Data for the task
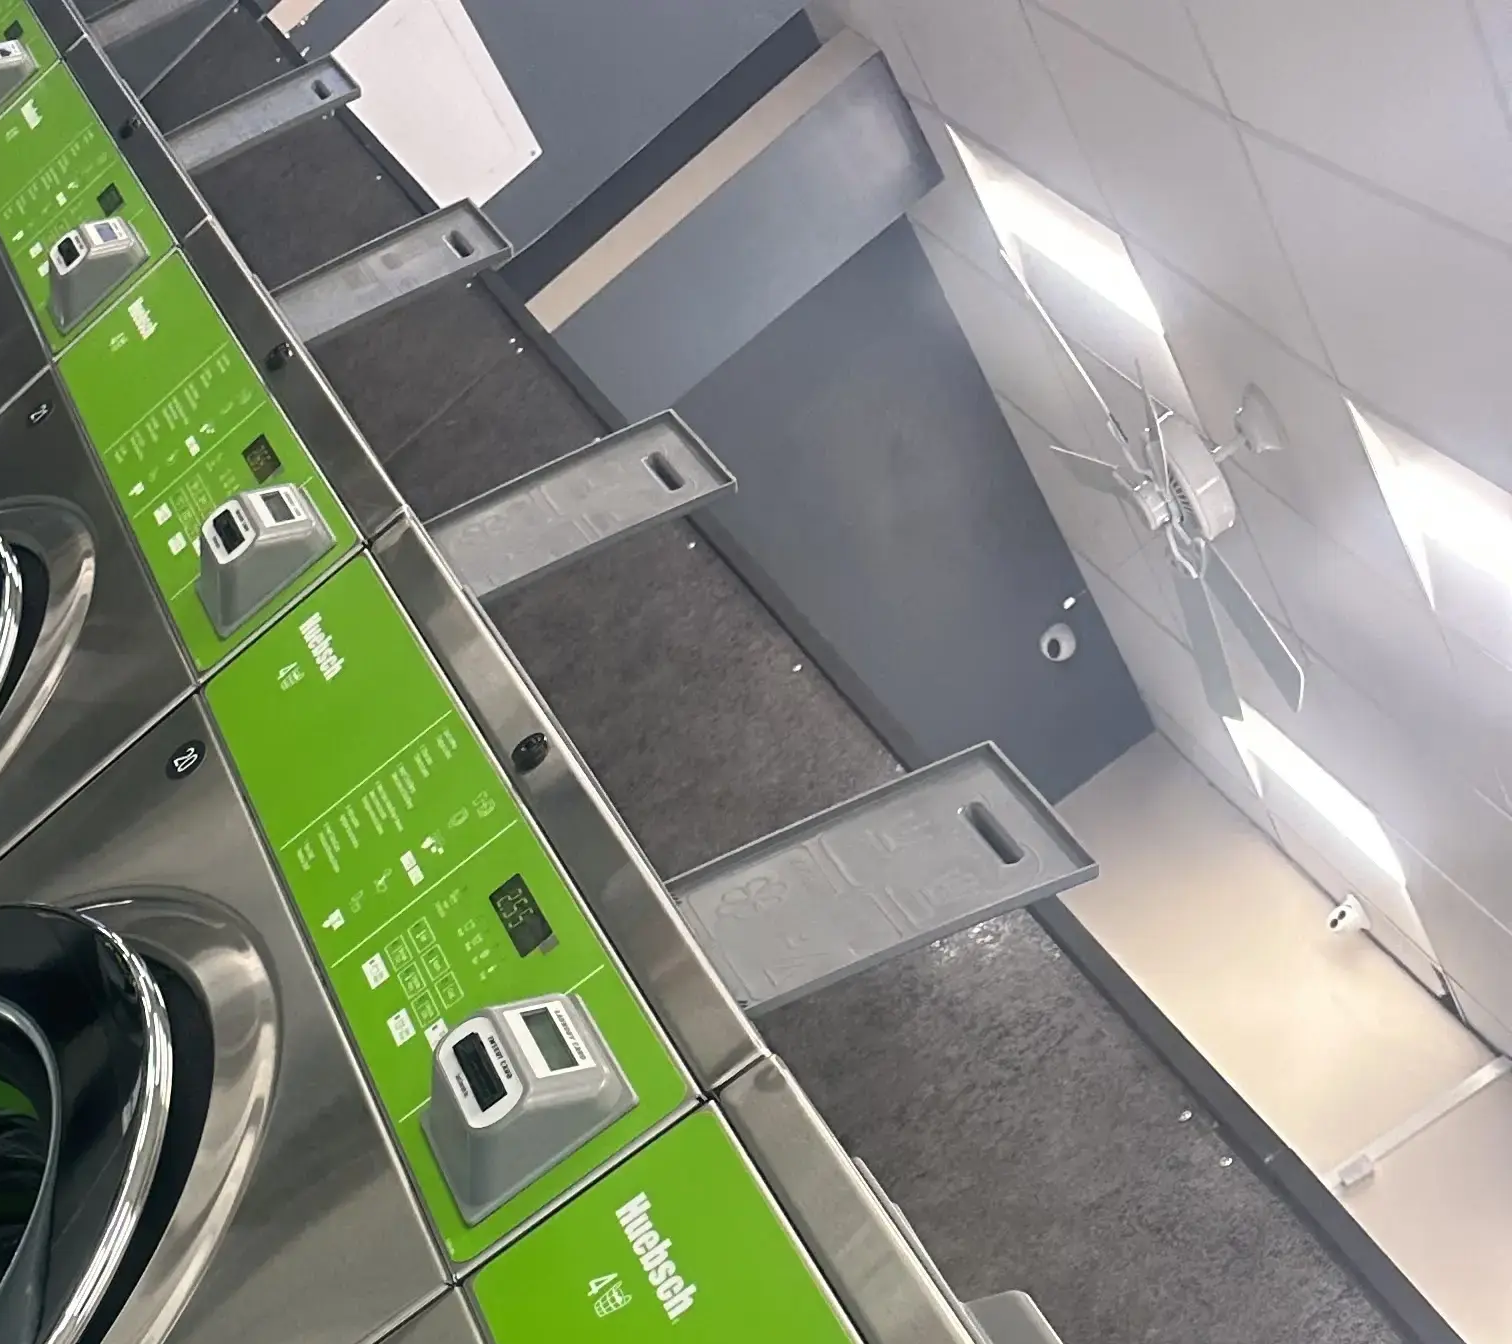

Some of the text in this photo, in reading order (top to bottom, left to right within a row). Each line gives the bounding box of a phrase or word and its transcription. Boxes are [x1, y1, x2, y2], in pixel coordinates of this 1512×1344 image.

[299, 612, 344, 680] Huebsch
[174, 748, 198, 772] 20
[616, 1192, 696, 1320] Huebsch
[588, 1273, 620, 1296] 4

Activity
What is needed is a word-for-word copy of the records above, excluding pictures.

Solution to this task
Some of the text in this photo, in reading order (top to bottom, left to right within a row). Each line gives the bounding box of a phrase or word and its transcription. Boxes are [x1, y1, x2, y2], in pixel coordinates of this 1512×1344 image.

[299, 612, 344, 680] Huebsch
[174, 748, 198, 772] 20
[616, 1192, 696, 1320] Huebsch
[588, 1273, 620, 1296] 4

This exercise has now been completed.